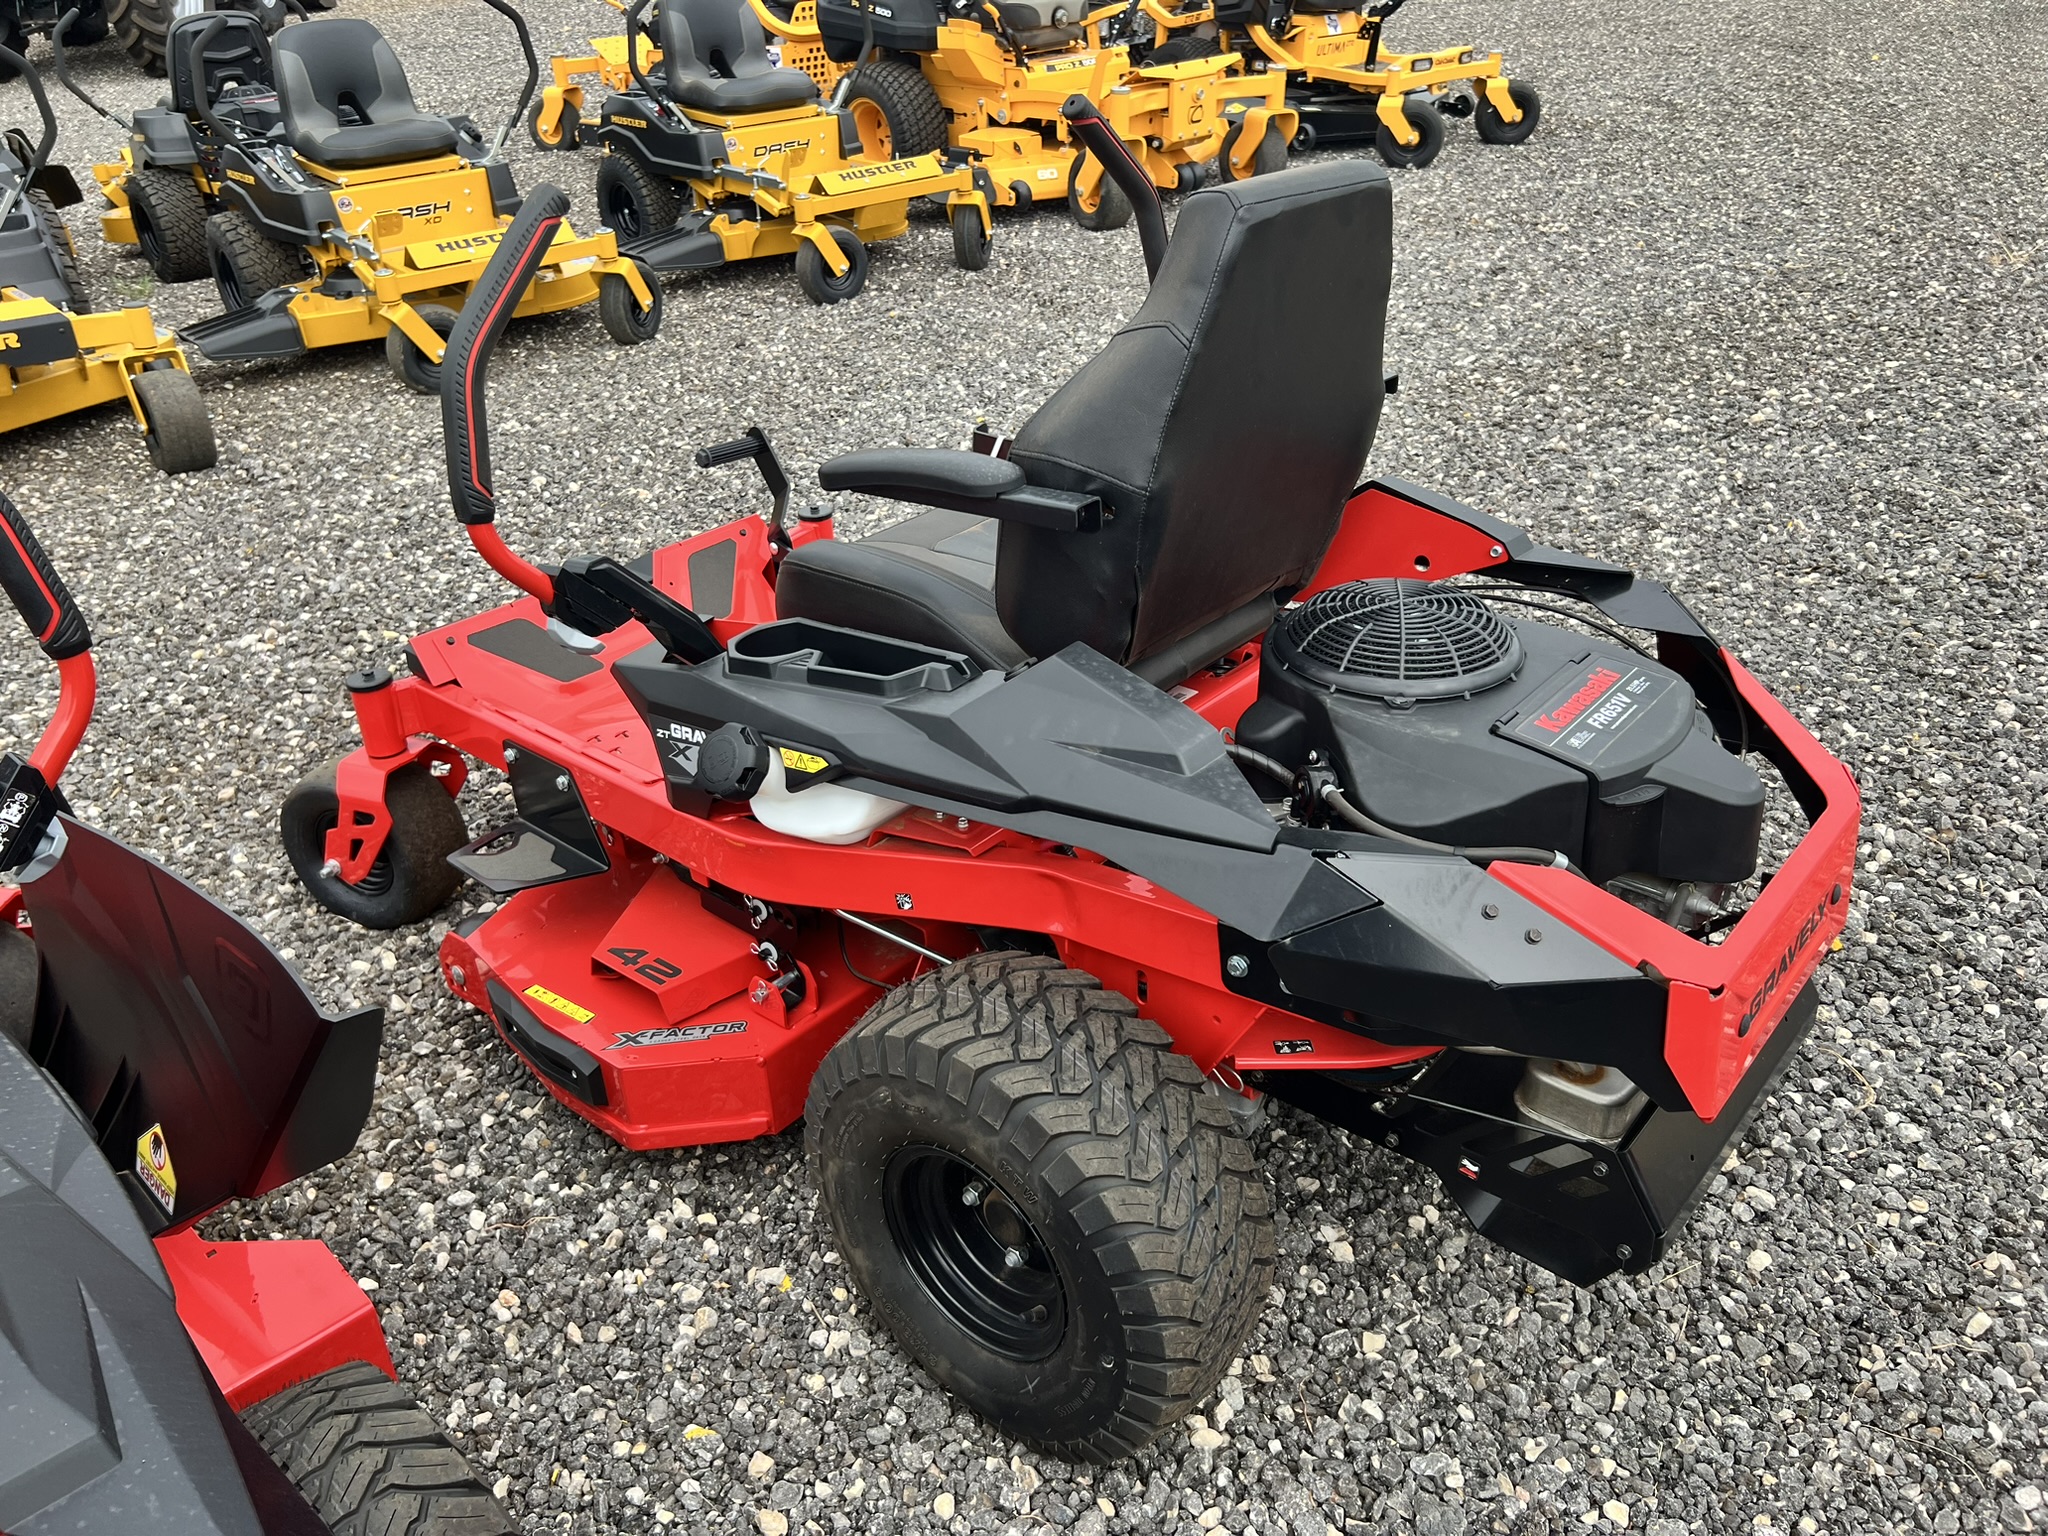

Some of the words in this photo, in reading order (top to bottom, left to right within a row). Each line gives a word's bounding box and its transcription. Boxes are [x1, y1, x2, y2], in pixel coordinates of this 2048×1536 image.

[611, 115, 647, 129] HUSTLER
[839, 160, 917, 181] HUSTLER
[424, 215, 443, 226] XD
[1534, 667, 1622, 733] Kawasaki
[1586, 692, 1632, 729] FR651V
[656, 728, 671, 739] ZT
[607, 947, 683, 986] 42
[1749, 892, 1829, 1021] GRAVELY
[614, 1020, 748, 1049] X-FACTOR
[140, 1160, 171, 1207] DANGER
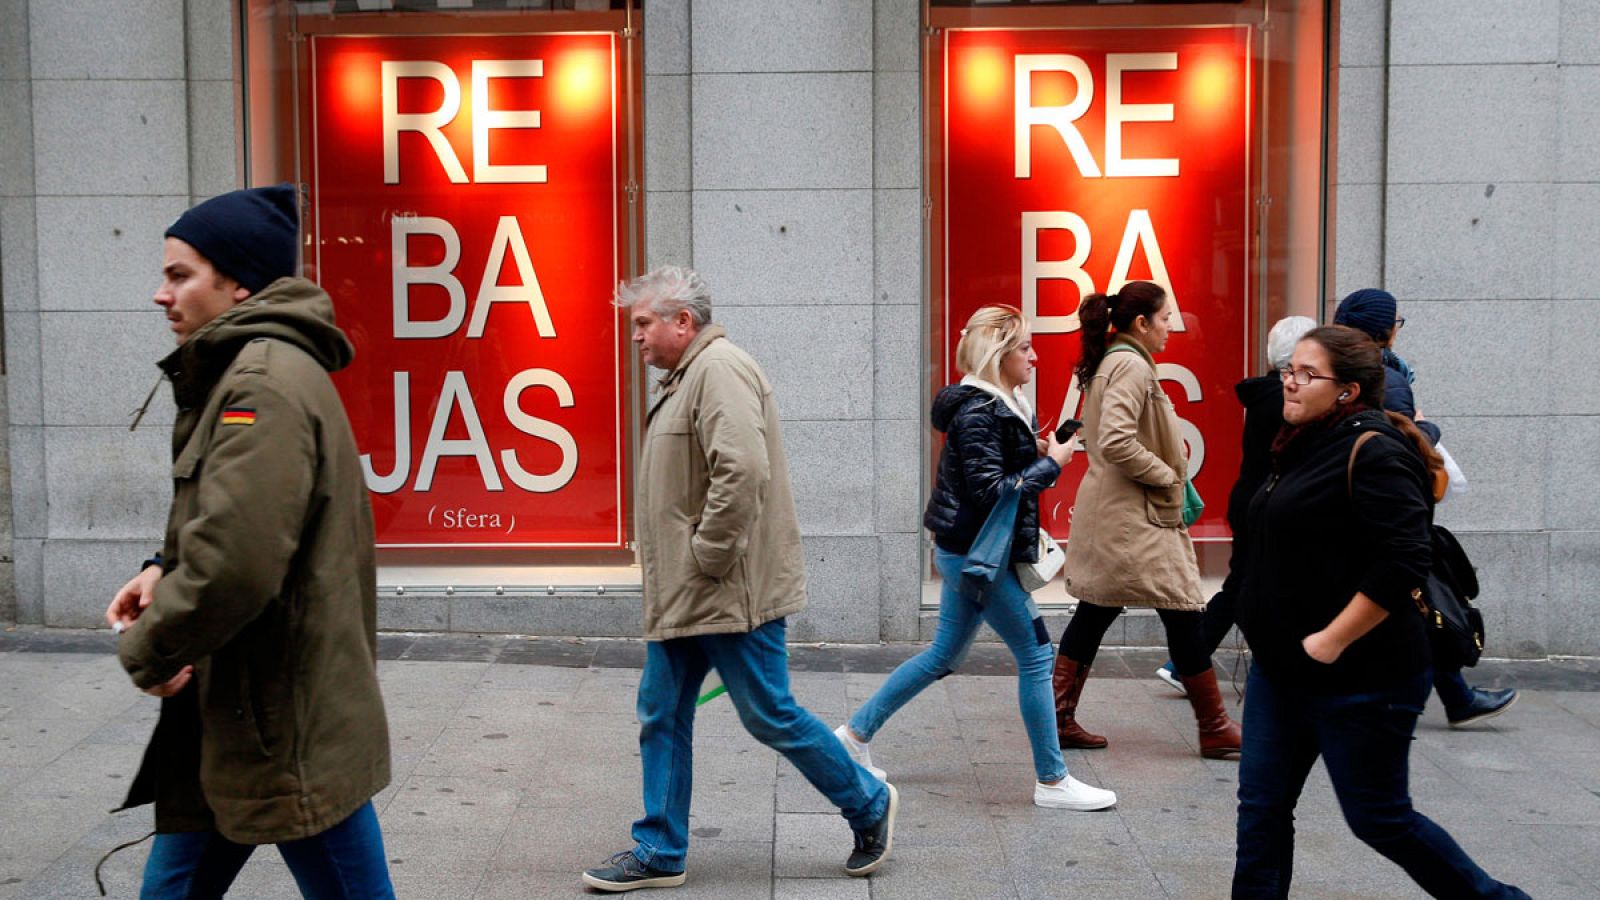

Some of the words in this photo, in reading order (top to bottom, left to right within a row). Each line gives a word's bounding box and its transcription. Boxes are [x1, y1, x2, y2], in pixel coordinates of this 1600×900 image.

[381, 59, 548, 184] RE
[1014, 52, 1181, 179] RE
[391, 215, 557, 339] BA
[1021, 209, 1186, 334] BA
[359, 368, 579, 493] JAS
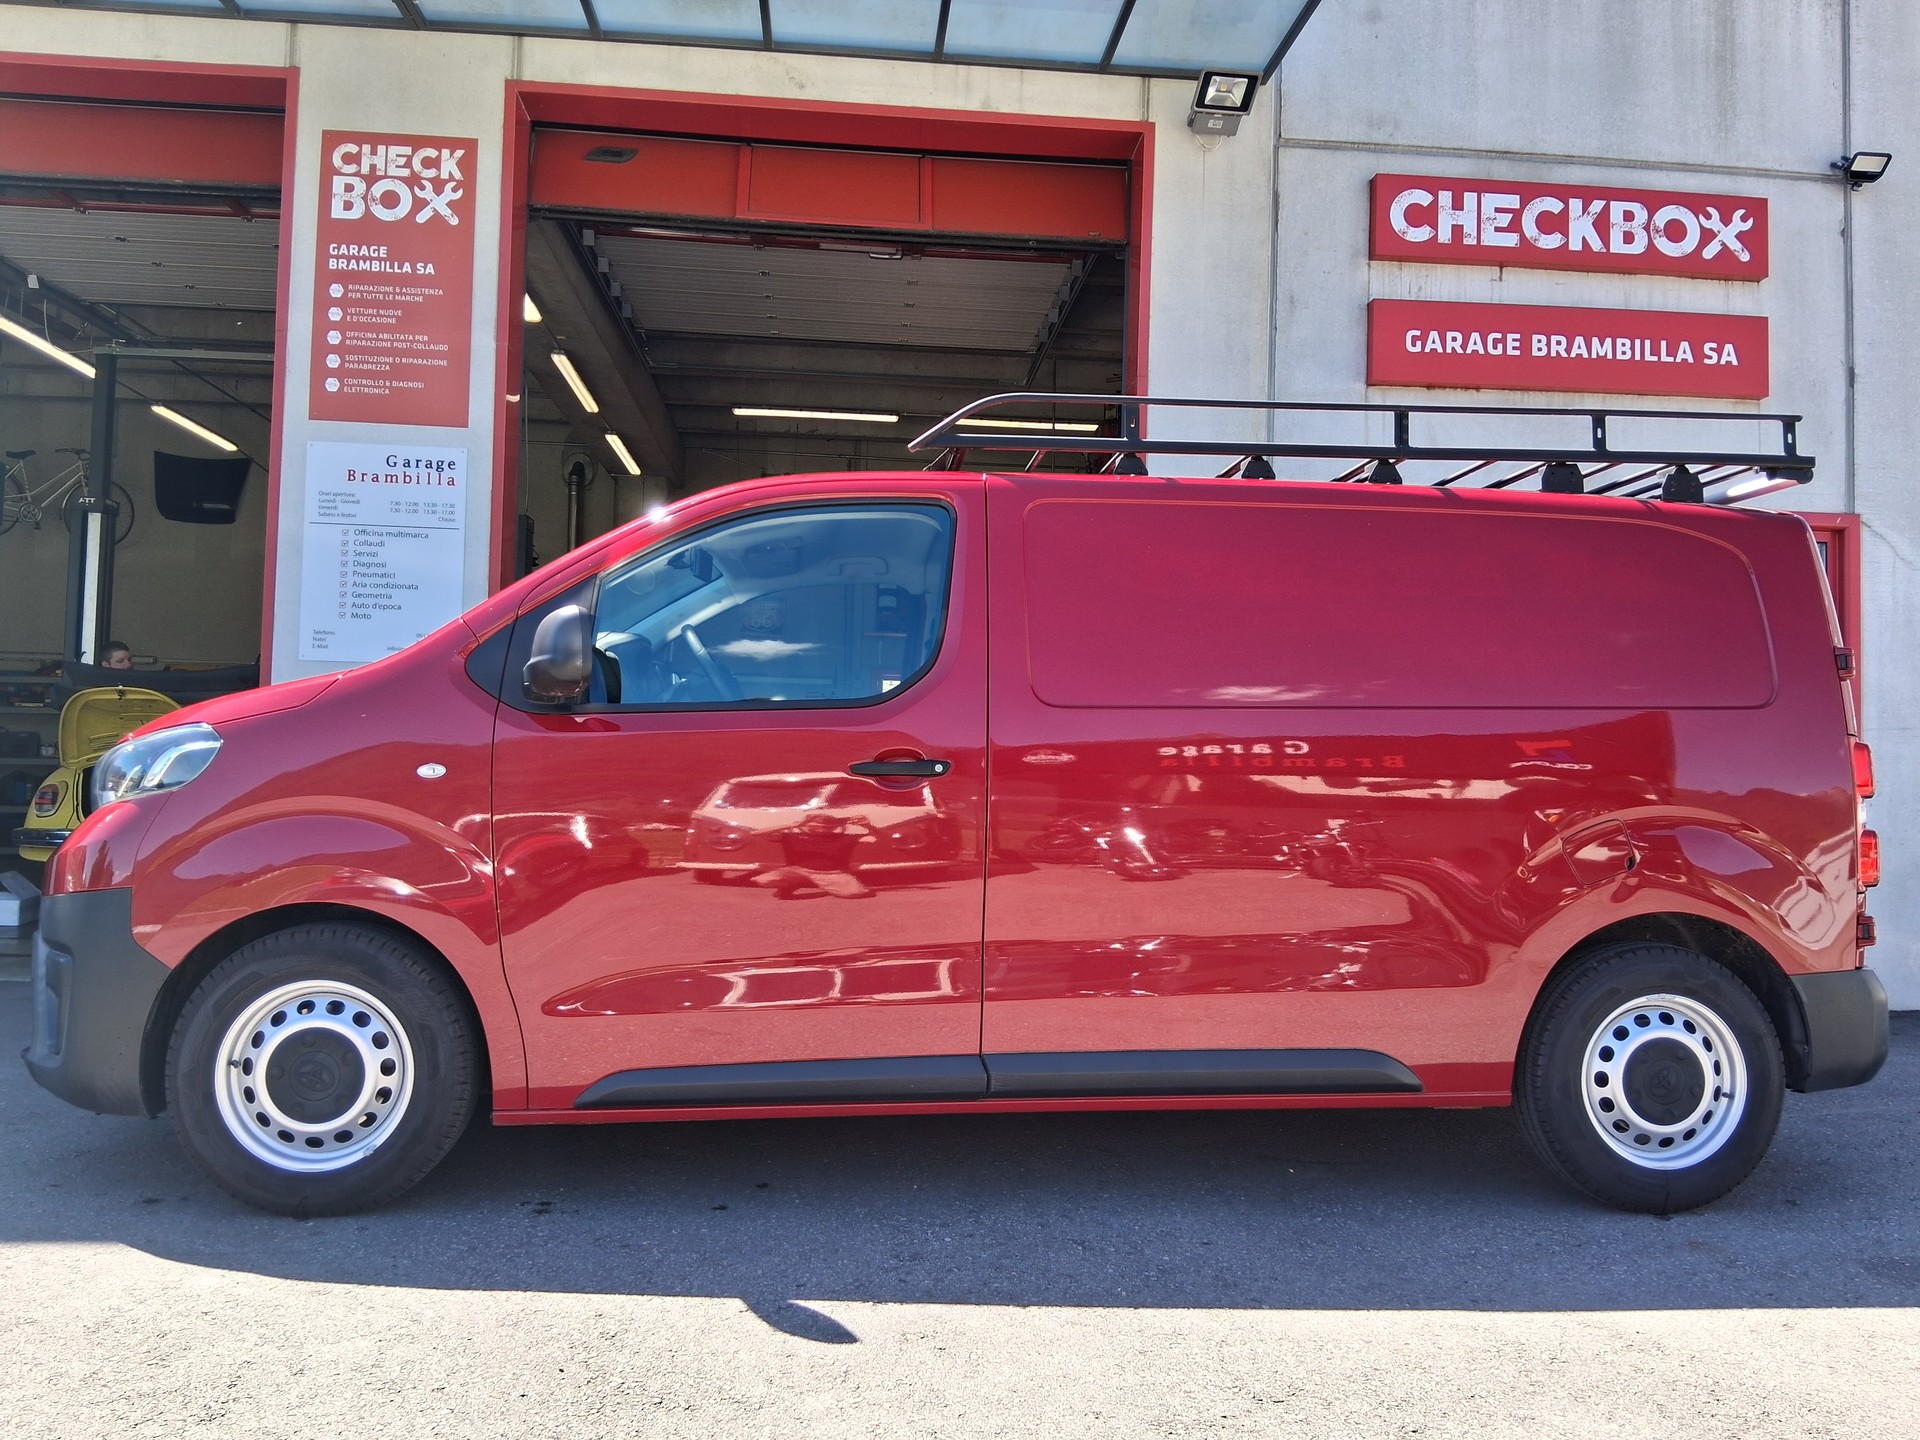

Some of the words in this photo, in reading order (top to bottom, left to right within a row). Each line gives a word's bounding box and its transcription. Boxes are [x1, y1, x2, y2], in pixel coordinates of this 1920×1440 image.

[332, 143, 465, 180] CHECK
[329, 243, 388, 257] GARAGE
[328, 258, 412, 273] BRAMBILLA
[416, 263, 435, 275] SA
[348, 284, 394, 292] RIPARAZIONE
[402, 287, 444, 295] ASSISTENZA
[395, 294, 424, 302] MARCHE
[347, 307, 377, 315] VETTURE
[352, 316, 396, 324] D'OCCASIONE
[346, 331, 377, 339] OFFICINA
[378, 333, 413, 341] ABILITATA
[345, 339, 392, 347] RIPARAZIONE
[393, 341, 449, 351] POST-COLLAUDO
[1405, 329, 1521, 356] GARAGE
[1531, 333, 1694, 363] BRAMBILLA
[1702, 342, 1739, 366] SA
[345, 354, 393, 363] SOSTITUZIONE
[401, 358, 448, 366] RIPARAZIONE
[344, 362, 390, 371] PARABREZZA
[344, 378, 384, 386] CONTROLLO
[392, 381, 424, 389] DIAGNOSI
[344, 386, 390, 394] ELETTRONICA
[386, 454, 456, 472] Garage
[347, 469, 456, 486] Brambilla
[353, 528, 384, 537] Officina
[385, 531, 429, 539] multimarca
[353, 539, 385, 547] Collaudi
[353, 549, 378, 557] Servizi
[352, 560, 387, 569] Diagnosi
[352, 570, 396, 579] Pneumatici
[369, 582, 419, 590] condizionata
[351, 591, 393, 600] Geometria
[371, 602, 402, 611] d'epoca
[350, 612, 372, 620] Moto
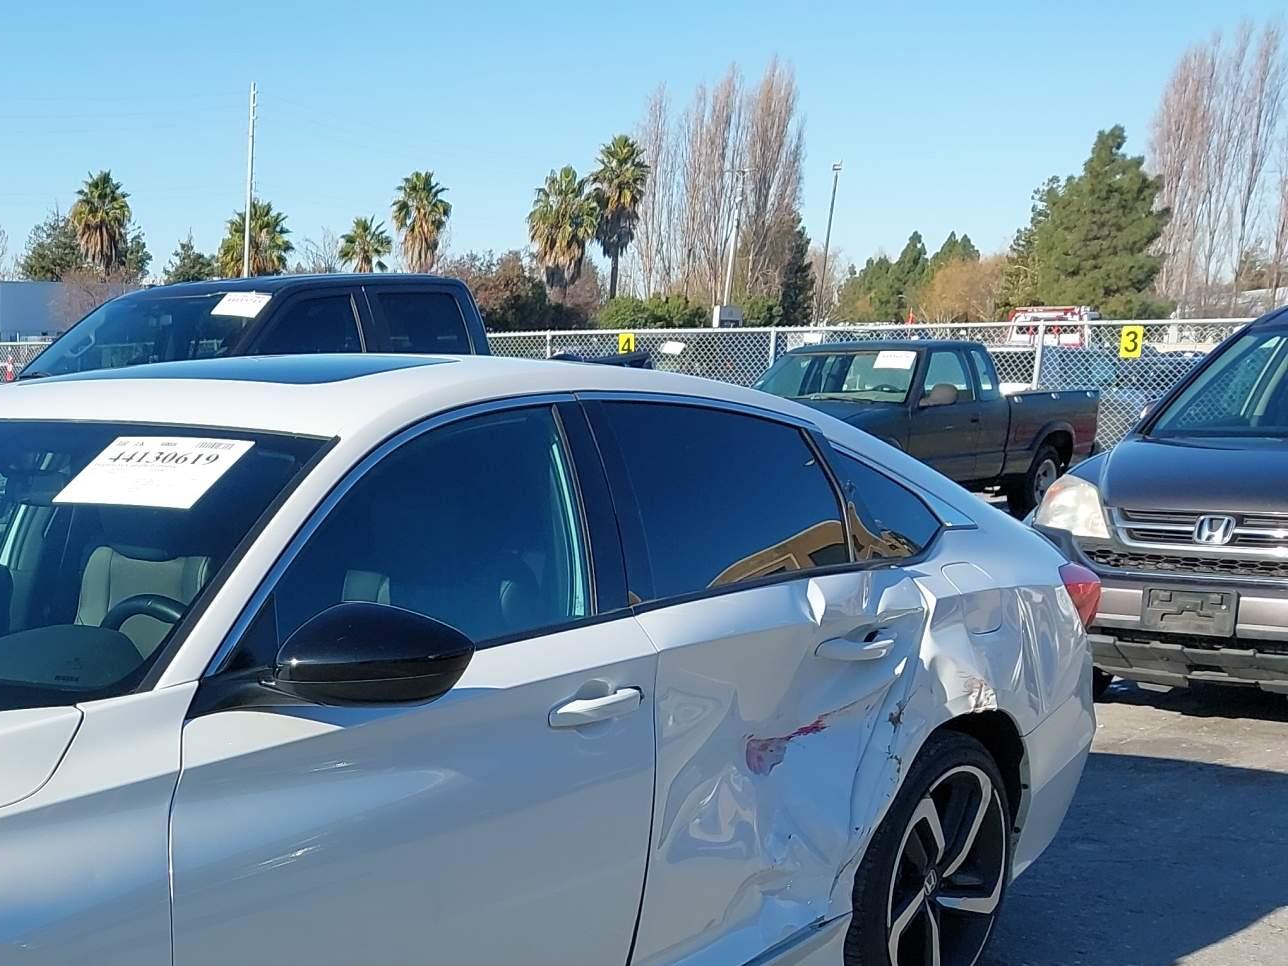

_ _ _ _ _

Task directions:
Return the material in full and unaltered, minus its pictures.

Exercise output:
Some of the words in this photo, in reading order (top to bottom, left to right within a row). Each line gives a word's bounding box and its transcription. Boxes are [x1, y1, x2, y2], in pixel coordinates of this 2048×1536 image.

[611, 115, 647, 129] HUSTLER
[839, 160, 917, 181] HUSTLER
[424, 215, 443, 226] XD
[1534, 667, 1622, 733] Kawasaki
[1586, 692, 1632, 729] FR651V
[656, 728, 671, 739] ZT
[607, 947, 683, 986] 42
[1749, 892, 1829, 1021] GRAVELY
[614, 1020, 748, 1049] X-FACTOR
[140, 1160, 171, 1207] DANGER

Some of the words in this photo, in reading order (top to bottom, left to right within a row). Each line gives a word's bounding box and its transcription. Boxes are [x1, y1, x2, y2], in pixel coordinates of this 1600×900 image.

[381, 59, 548, 184] RE
[1014, 52, 1181, 179] RE
[391, 215, 557, 339] BA
[1021, 209, 1186, 334] BA
[359, 368, 579, 493] JAS

Some of the words in this photo, in reading order (top to bottom, left to right within a row). Each line gives a word's bounding box and its transcription. Boxes are [x1, y1, x2, y2], in pixel coordinates of this 1920×1440 image.

[332, 143, 465, 180] CHECK
[329, 243, 388, 257] GARAGE
[328, 258, 412, 273] BRAMBILLA
[416, 263, 435, 275] SA
[348, 284, 394, 292] RIPARAZIONE
[402, 287, 444, 295] ASSISTENZA
[395, 294, 424, 302] MARCHE
[347, 307, 377, 315] VETTURE
[352, 316, 396, 324] D'OCCASIONE
[346, 331, 377, 339] OFFICINA
[378, 333, 413, 341] ABILITATA
[345, 339, 392, 347] RIPARAZIONE
[393, 341, 449, 351] POST-COLLAUDO
[1405, 329, 1521, 356] GARAGE
[1531, 333, 1694, 363] BRAMBILLA
[1702, 342, 1739, 366] SA
[345, 354, 393, 363] SOSTITUZIONE
[401, 358, 448, 366] RIPARAZIONE
[344, 362, 390, 371] PARABREZZA
[344, 378, 384, 386] CONTROLLO
[392, 381, 424, 389] DIAGNOSI
[344, 386, 390, 394] ELETTRONICA
[386, 454, 456, 472] Garage
[347, 469, 456, 486] Brambilla
[353, 528, 384, 537] Officina
[385, 531, 429, 539] multimarca
[353, 539, 385, 547] Collaudi
[353, 549, 378, 557] Servizi
[352, 560, 387, 569] Diagnosi
[352, 570, 396, 579] Pneumatici
[369, 582, 419, 590] condizionata
[351, 591, 393, 600] Geometria
[371, 602, 402, 611] d'epoca
[350, 612, 372, 620] Moto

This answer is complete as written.